If a stockholder wishes to propose a nomination of persons for election to our Board of Directors or present a proposal at an annual meeting but does not wish to have the proposal considered for inclusion in our proxy statement and proxy card, our bylaws establish an advance notice procedure for such nominations and proposals. Stockholders at an annual meeting may only consider proposals or nominations specified in the notice of meeting or brought before the meeting by or at the direction of our Board of Directors or by a stockholder of record on the record date for the meeting, who is entitled to vote at the meeting and who has delivered timely notice in proper form to our corporate secretary of the stockholder’s intention to bring such business before the meeting.

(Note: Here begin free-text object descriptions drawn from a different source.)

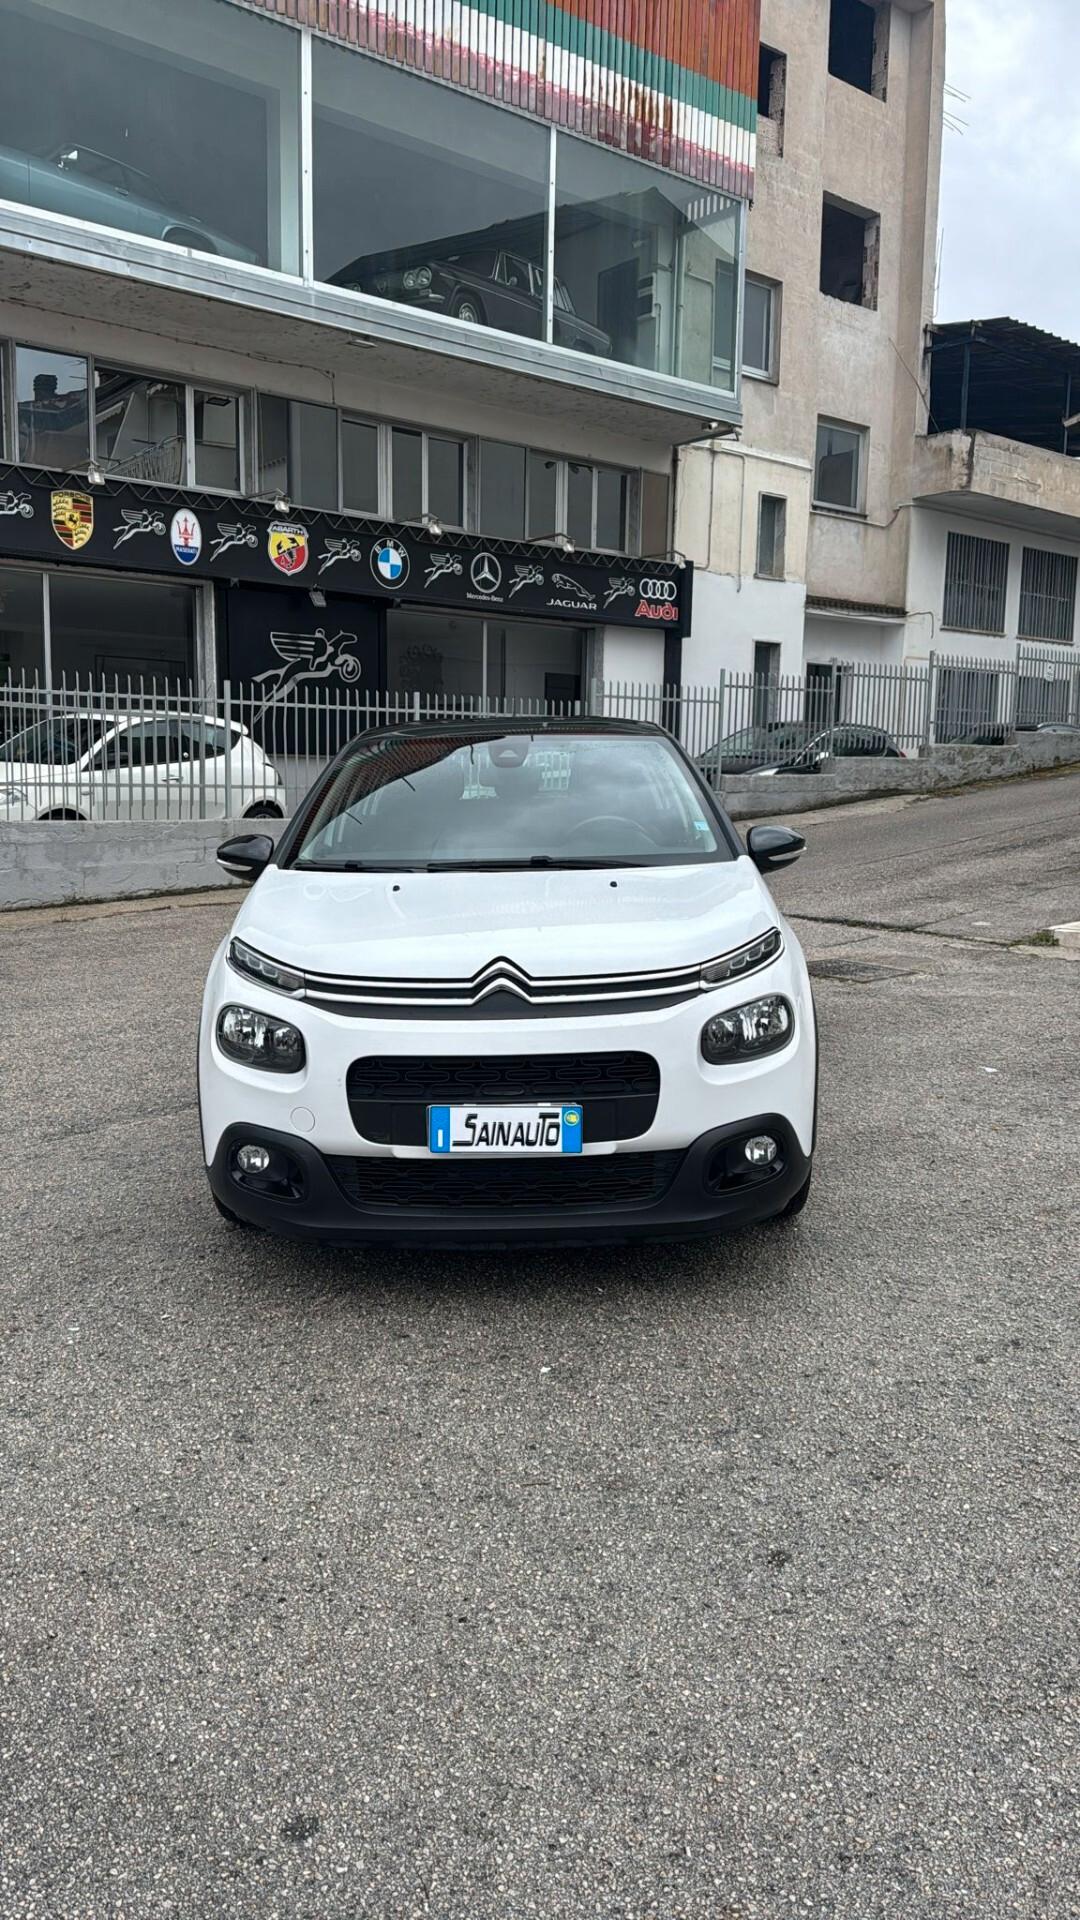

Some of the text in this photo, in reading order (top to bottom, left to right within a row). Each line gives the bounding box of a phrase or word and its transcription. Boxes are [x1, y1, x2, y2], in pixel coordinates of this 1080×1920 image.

[272, 525, 305, 535] ABARTH
[374, 539, 407, 557] BMW
[466, 591, 504, 602] Mercedes-Benz
[546, 598, 598, 611] JAGUAR
[635, 599, 679, 621] Audi
[452, 1112, 560, 1146] SAINAUTO

The required notice must be in writing and received by our corporate secretary at our principal executive offices not less than 90 days nor more than 120 days prior to the first anniversary of the preceding year’s annual meeting. However, in the event that the date of the annual meeting is advanced by more than 30 days, or delayed by more than 60 days, from the first anniversary of the preceding year’s annual meeting, a stockholder’s notice must be so received no earlier than the 120th day prior to such annual meeting and not later than the close of business on the later of (A) the 90th day prior to such annual meeting and (B) the 10th day following the day on which notice of the date of such annual meeting was mailed or public disclosure of the date of such annual meeting was made, whichever first occurs. For stockholder proposals to be brought before the 2024 annual meeting of stockholders, the required notice must be received by our corporate secretary at our principal executive offices no earlier than February 3, 2024, and no later than March 4, 2024.

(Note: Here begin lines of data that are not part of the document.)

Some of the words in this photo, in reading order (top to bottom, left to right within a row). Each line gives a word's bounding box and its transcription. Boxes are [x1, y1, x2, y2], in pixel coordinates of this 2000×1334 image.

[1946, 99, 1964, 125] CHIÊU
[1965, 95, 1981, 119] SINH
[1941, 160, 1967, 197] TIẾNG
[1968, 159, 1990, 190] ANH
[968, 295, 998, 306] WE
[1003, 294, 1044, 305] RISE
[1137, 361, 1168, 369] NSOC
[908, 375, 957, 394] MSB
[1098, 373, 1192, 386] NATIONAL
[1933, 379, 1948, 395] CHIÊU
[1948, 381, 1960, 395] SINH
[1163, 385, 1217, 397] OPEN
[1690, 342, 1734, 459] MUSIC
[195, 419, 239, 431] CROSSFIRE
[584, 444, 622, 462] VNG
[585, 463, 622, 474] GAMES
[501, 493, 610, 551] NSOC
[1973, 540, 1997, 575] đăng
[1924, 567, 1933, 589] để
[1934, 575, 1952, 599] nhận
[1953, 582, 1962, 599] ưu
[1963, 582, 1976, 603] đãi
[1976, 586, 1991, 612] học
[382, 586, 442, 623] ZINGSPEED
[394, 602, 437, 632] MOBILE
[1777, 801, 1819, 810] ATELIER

In order to comply with the universal proxy rules, if any stockholder timely satisfies the foregoing requirements of our bylaws by providing notice of a nomination in accordance with our bylaws no later than March 4, 2024, and such stockholder intended to solicit proxies in support of director nominees other than our nominees for the 2024 annual meeting of stockholders in compliance with Rule 14a-19 under the Exchange Act, the stockholder will also be required (no later than April 3, 2024) to provide notice that sets forth the information required by Rule 14a-19 under the Exchange Act. If the date of the 2024 annual meeting changes by more than 30 calendar days from the date of the Annual Meeting, such notice must instead be provided by the later of 60 calendar days prior to the date of the 2024 annual meeting or the 10th calendar day following public announcement by us of the date of the 2024 annual meeting.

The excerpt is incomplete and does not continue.